DACA Recipients Contribute $59 Million Per Year in Taxes

Their tax contributions would drop by 33 percent if DACA protections end.

Published on May 15, 2018 in Economic Justice

When undocumented youth are given a chance, they capitalize on the opportunity. This is exemplified by the state and local taxes paid by the 17,620 DACA (Deferred Action for Children) recipients living in New Jersey. According to an updated 50-state study by the Institute on Taxation and Economic Policy, providing undocumented immigrants a legal path to citizenship would significantly increase taxes paid by immigrants, strengthening New Jersey’s economy while providing stability to local communities.

The ITEP study found that New Jersey’s young immigrants eligible for DACA contribute $59 million in state and local taxes each year, the seventh highest level of all fifty states.

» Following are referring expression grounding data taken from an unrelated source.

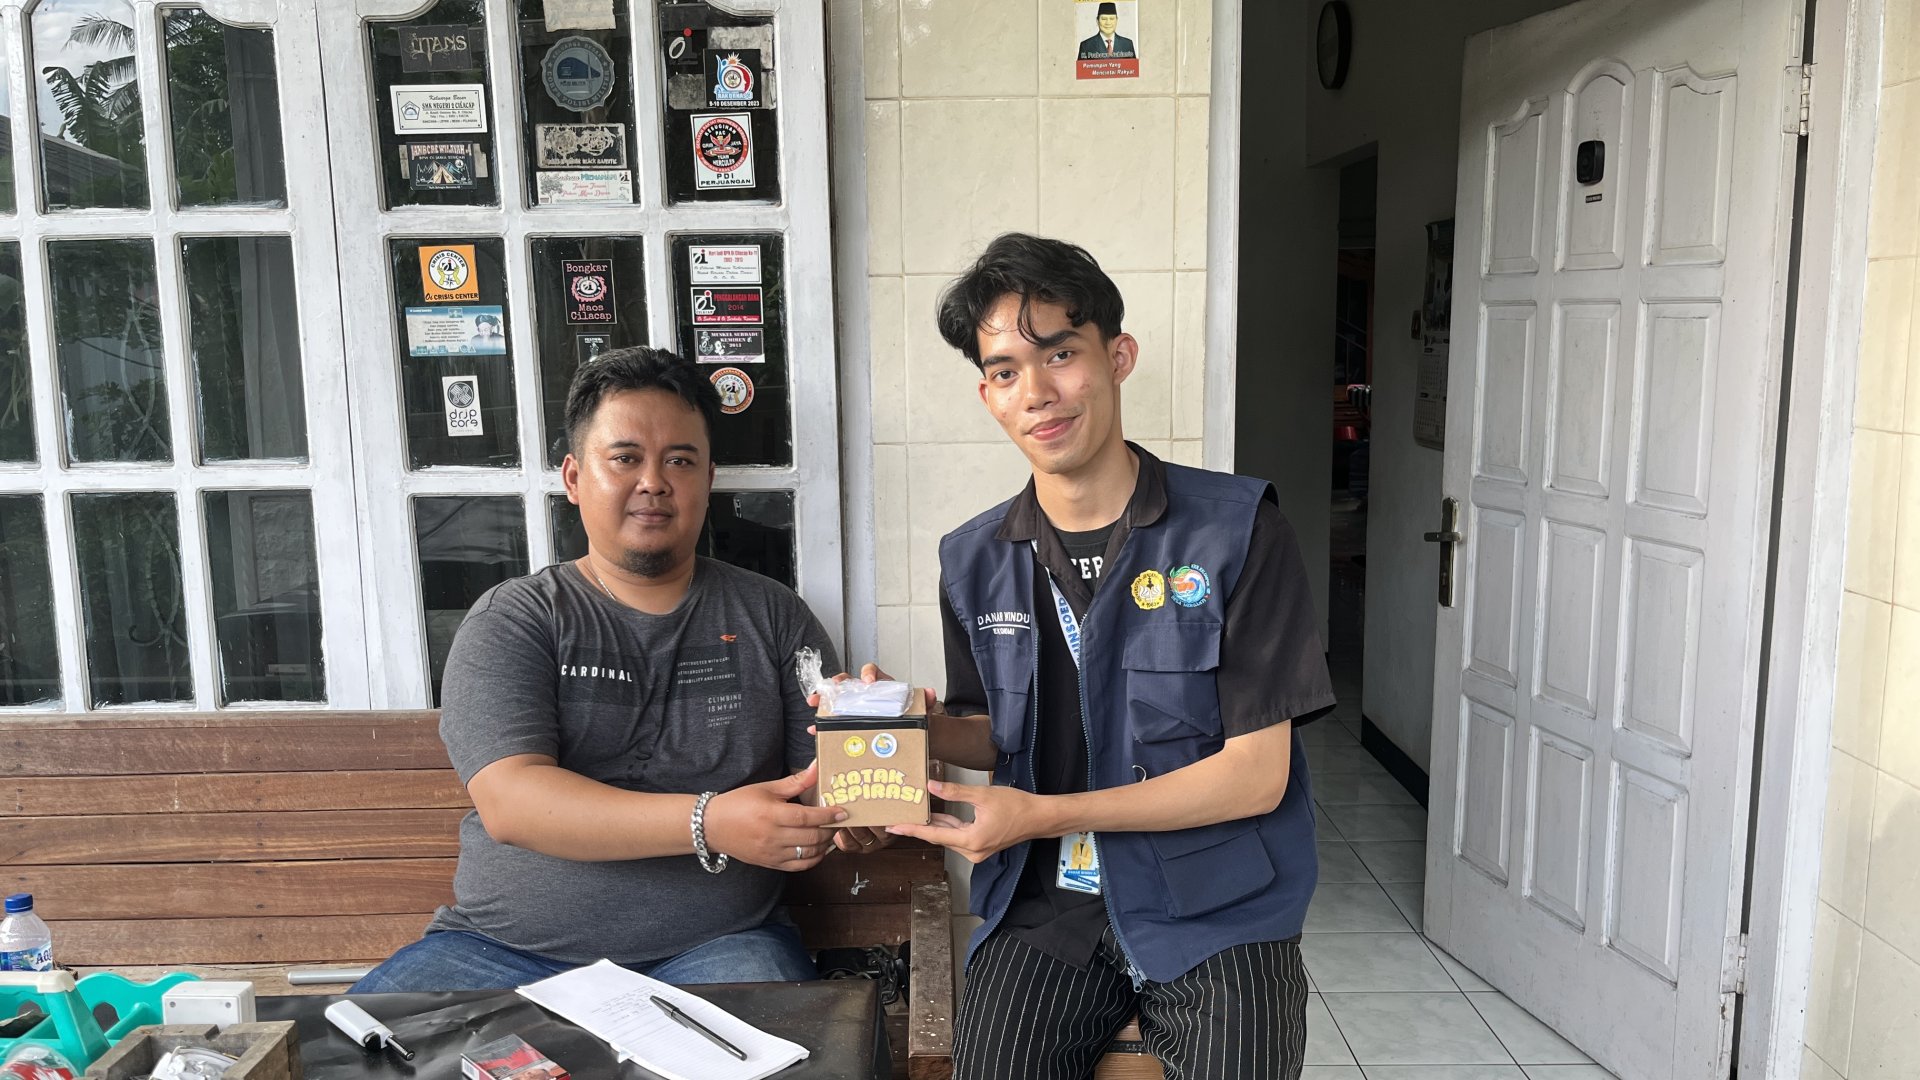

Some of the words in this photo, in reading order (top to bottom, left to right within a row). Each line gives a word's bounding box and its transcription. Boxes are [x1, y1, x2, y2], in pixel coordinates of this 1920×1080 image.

[446, 252, 466, 267] CENTER
[566, 263, 608, 274] Bongkar
[570, 311, 612, 321] Cilacap
[1003, 612, 1030, 624] WINDU
[561, 664, 633, 682] CARDINAL
[708, 693, 742, 704] CLIMBING
[708, 705, 716, 713] IS
[717, 704, 727, 712] MY
[831, 768, 906, 790] KOTAK
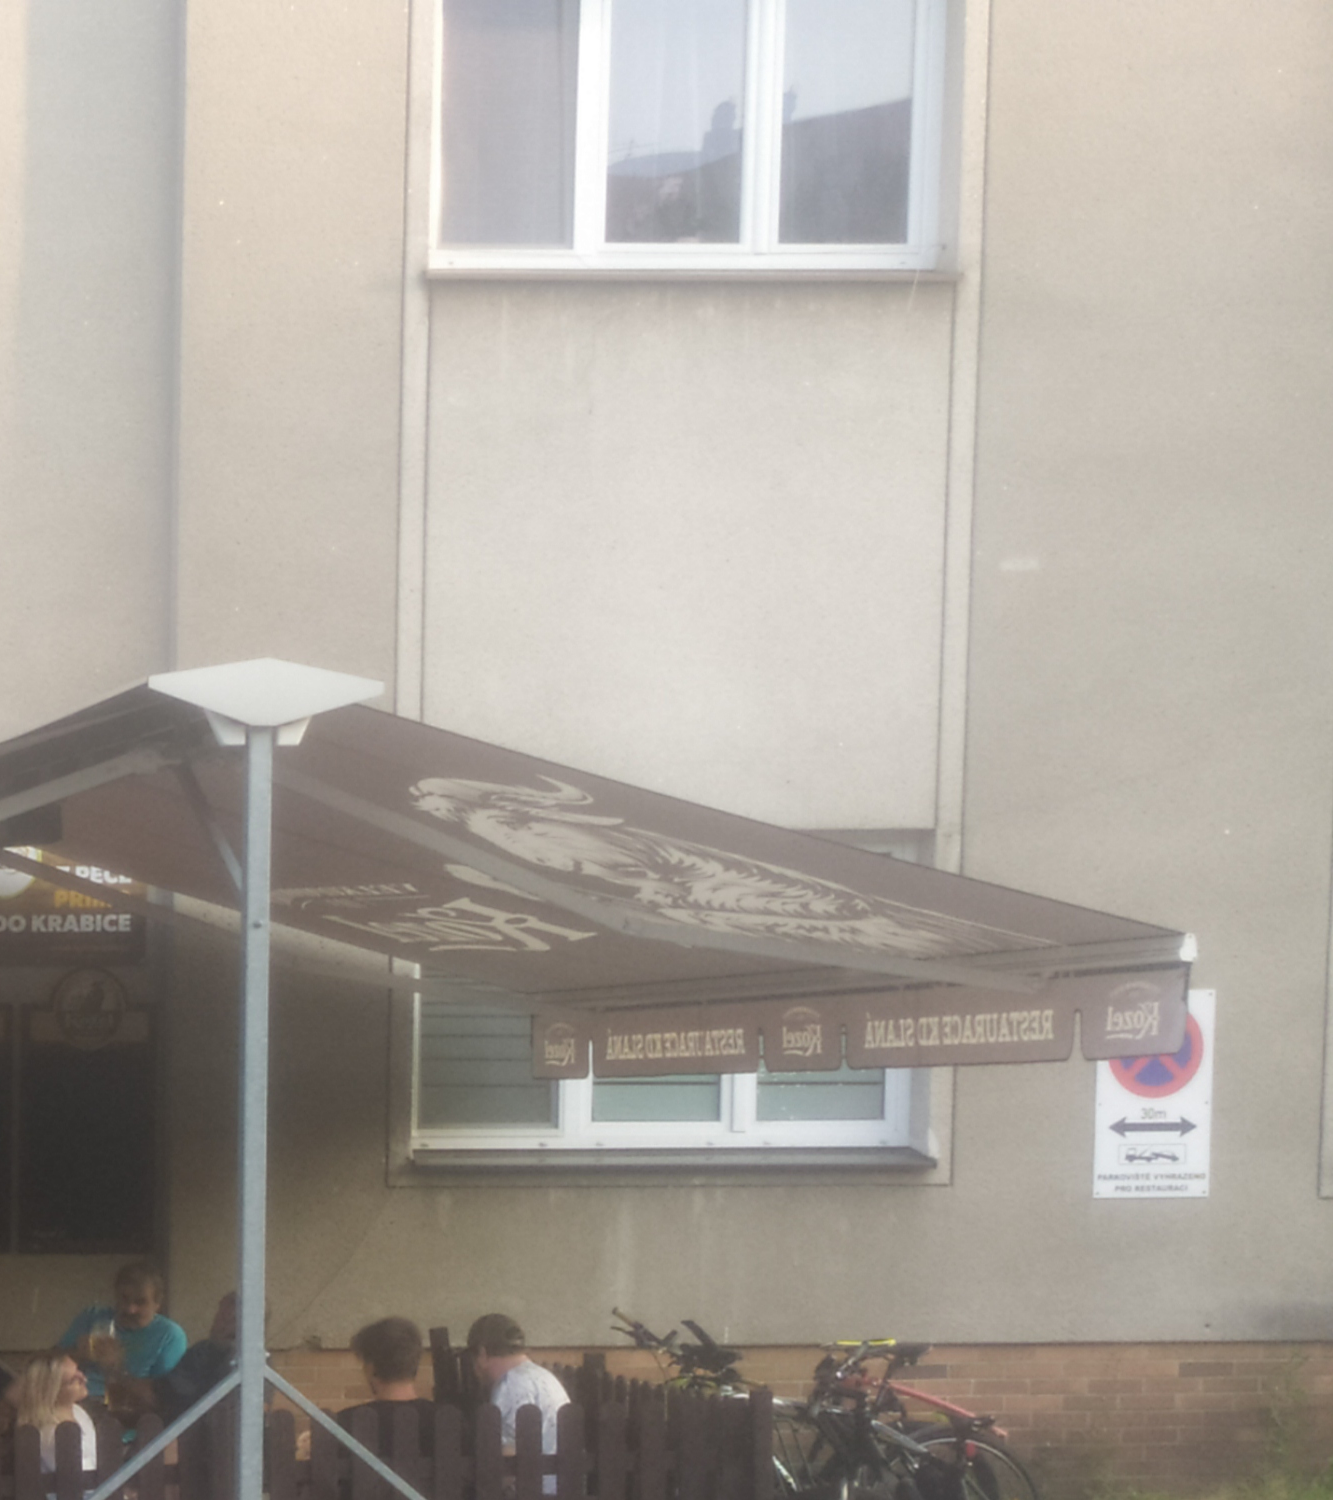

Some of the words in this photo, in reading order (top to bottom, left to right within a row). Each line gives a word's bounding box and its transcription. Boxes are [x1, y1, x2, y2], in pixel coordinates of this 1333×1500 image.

These contributions would increase by $38 million per year – the sixth most of all states – if all of those eligible for DACA enrolled in the program. However, if DACA protections end, these state and local tax contributions will drop by $19 million per year, a 33% reduction. When laws push immigrants further to the margins of society, their economic contributions decline at a rapid rate.

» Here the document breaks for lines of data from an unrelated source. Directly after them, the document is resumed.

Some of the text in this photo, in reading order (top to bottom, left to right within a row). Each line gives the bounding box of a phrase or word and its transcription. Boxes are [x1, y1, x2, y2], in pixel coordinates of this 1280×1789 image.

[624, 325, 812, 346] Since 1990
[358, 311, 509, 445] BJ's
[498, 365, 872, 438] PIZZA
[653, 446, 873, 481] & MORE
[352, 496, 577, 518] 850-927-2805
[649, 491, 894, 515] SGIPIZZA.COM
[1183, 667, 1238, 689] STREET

Data released last September from the federal government revealed that there are 20% fewer DACA recipients living in New Jersey than had previously been reported. The drop from 22,000 to 17,620 can be attributed to some DACA recipients having their status adjusted, a percentage not qualifying for renewal, and some undocumented youth choosing not to renew as the future of DACA remains uncertain.

In September 2017, the Trump administration announced it was ending DACA. Since then, federal courts temporarily preserved the program and ordered the administration to continue accepting DACA renewals. The fate of DACA is now in the federal courts, as Congress has yet to come up with a proposal to save the program.

It is unclear if the Trump administration’s aggressive demeanor towards immigrants impacted DACA recipients from renewing their permits. What it is clear is that intimidating immigrants and creating a hostile environment for them will only further chase undocumented immigrants into the shadows of society, resulting in lost economic and societal contributions in their communities. It is now up to individual states like New Jersey to protect immigrant communities and encourage their participation in the economy.

This report serves as a reminder that contrary to popular misconception, undocumented immigrants are paying into the tax system now. And, of course, undocumented immigrants would contribute more to state and local coffers more if there was a path to citizenship.